[Extracted records]

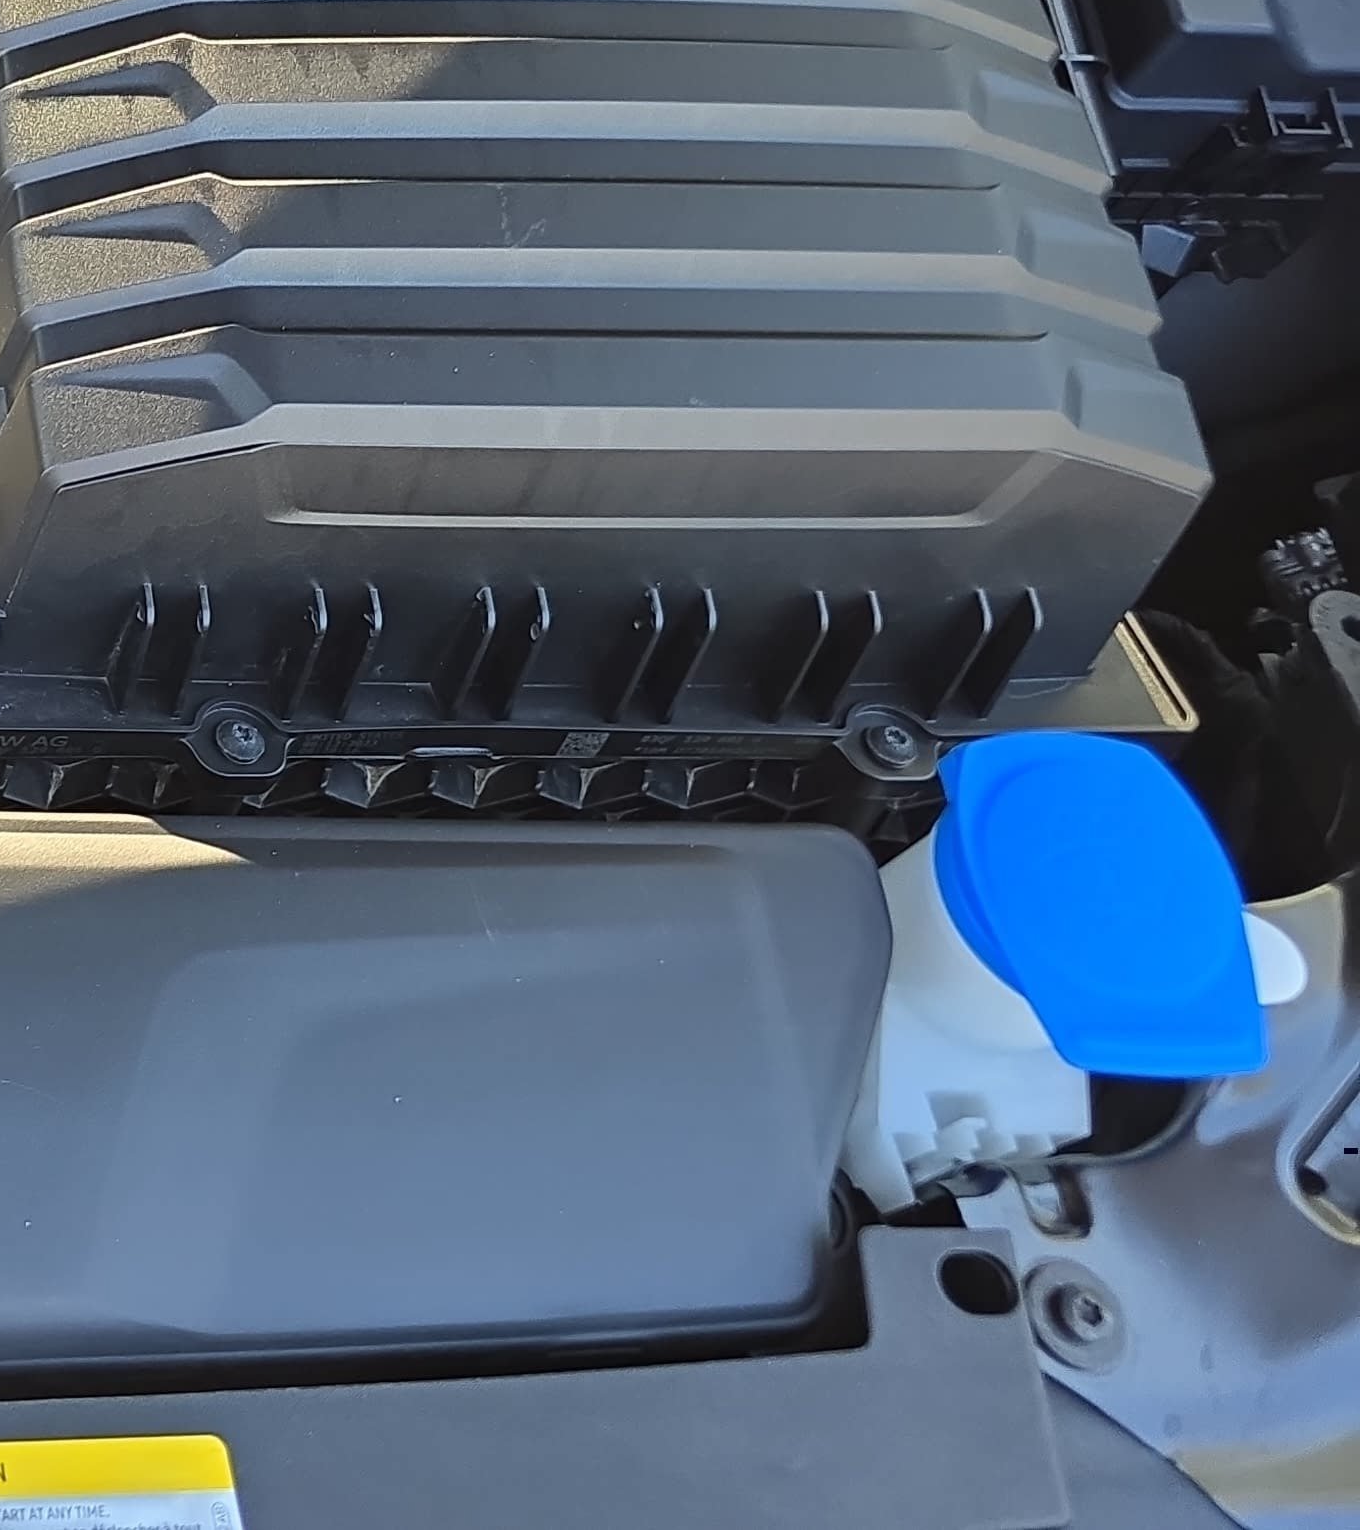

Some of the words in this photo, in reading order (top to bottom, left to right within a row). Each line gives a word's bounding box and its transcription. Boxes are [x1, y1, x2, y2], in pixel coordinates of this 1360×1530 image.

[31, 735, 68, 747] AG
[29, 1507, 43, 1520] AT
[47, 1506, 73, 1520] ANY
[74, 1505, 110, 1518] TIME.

• Instructions to follow
The answer should be an exact restatement of every entry, with the pictures omitted.

• Answer to this problem
Some of the words in this photo, in reading order (top to bottom, left to right within a row). Each line gives a word's bounding box and its transcription. Boxes are [x1, y1, x2, y2], in pixel coordinates of this 1360×1530 image.

[31, 735, 68, 747] AG
[29, 1507, 43, 1520] AT
[47, 1506, 73, 1520] ANY
[74, 1505, 110, 1518] TIME.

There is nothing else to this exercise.